The Louisiana House rejected legislation Wednesday that aimed to bring new regulations to the 130-year-old Tulane legislative scholarship program.

The program grants each of the Legislature’s 144 members the power each year to award a one-year scholarship to the recipient of their choice. The scholarships are worth more than $46,000 each, or roughly $7 million annually.

In the 1990s, it was found that many legislators used the scholarships to send their own relatives to college.

State Rep. Harold Ritchie, D-Bogalusa, wants to nix scholarships for immediate family members, elected officials and campaign contributors. He amended the bill to allow campaign contributions to be returned.
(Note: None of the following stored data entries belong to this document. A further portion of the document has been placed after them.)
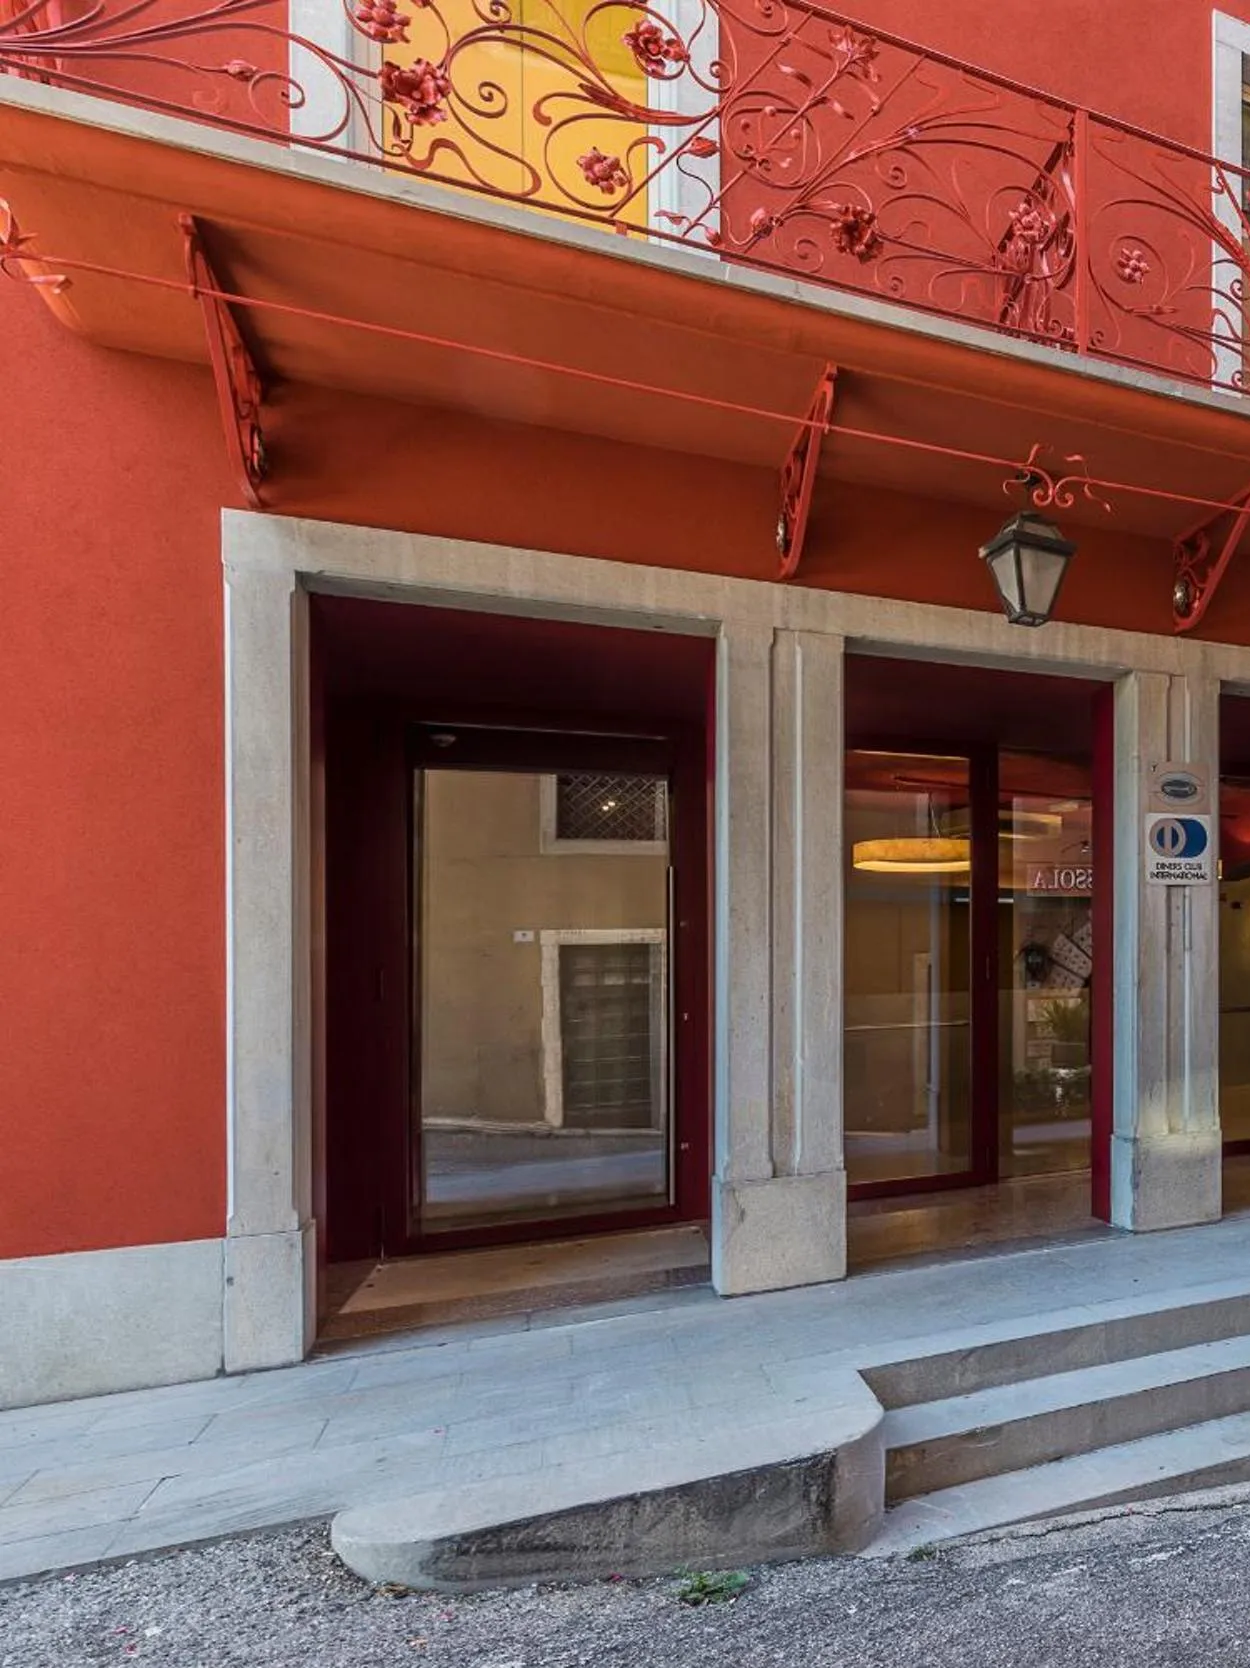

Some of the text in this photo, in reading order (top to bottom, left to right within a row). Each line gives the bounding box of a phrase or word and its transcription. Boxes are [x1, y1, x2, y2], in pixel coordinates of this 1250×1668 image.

[1155, 862, 1202, 871] DINERS CLUB
[1149, 870, 1208, 880] INTERNATIONAL
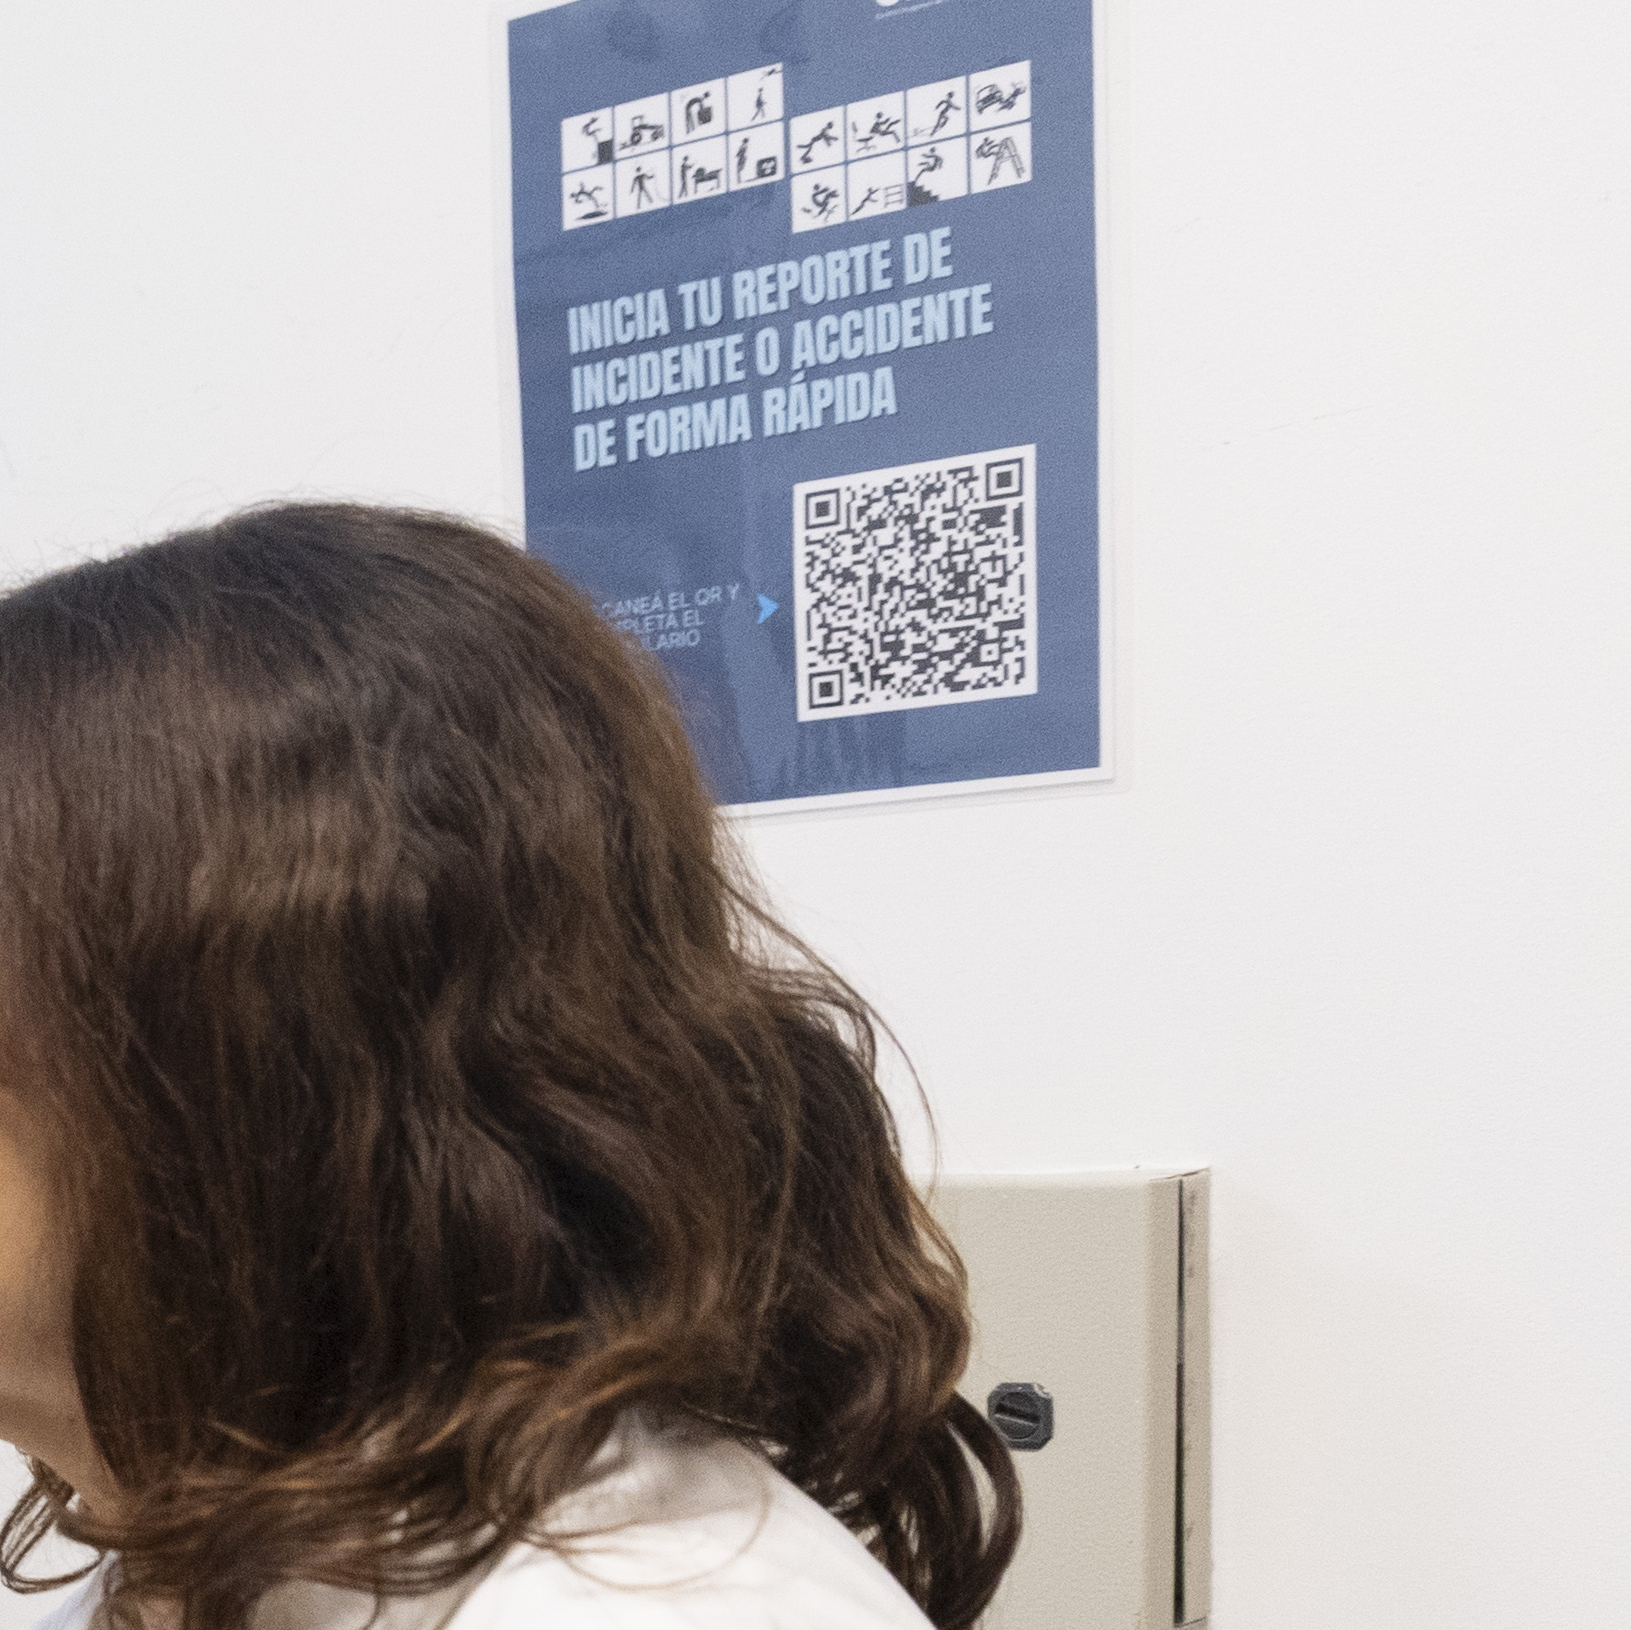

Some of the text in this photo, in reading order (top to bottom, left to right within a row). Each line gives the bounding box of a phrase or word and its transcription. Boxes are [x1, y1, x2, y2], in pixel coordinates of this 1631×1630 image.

[567, 226, 953, 355] INICIA TU REPORTE DE
[571, 282, 994, 414] INCIDENTE O ACCIDENTE
[574, 366, 898, 473] DE FORMA RÁPIDA
[668, 592, 690, 612] EL
[695, 585, 724, 607] QR
[727, 583, 740, 601] Y
[682, 609, 705, 629] EL
House Bill 307 also seeks to put the names of scholarship recipients on Tulane’s website. Recipients would have to disclose whether they are the immediate family member of an elected official.

Efforts to put some restrictions on the Tulane scholarships have proven unpopular with legislators this year.

State Rep. Jeff Thompson, R-Bossier City, asked the House Wednesday to leave the program alone. He said legislators are mere tenants who serve temporarily.

“We’re held accountable by our constituents and by our conscience. That’s enough,” he said.

Ritchie said he just wants an open and fair process. He said the scholarships are valuable.

The bill failed with 44 voting for it and 53 voting against it. The legislation needed 53 votes to advance.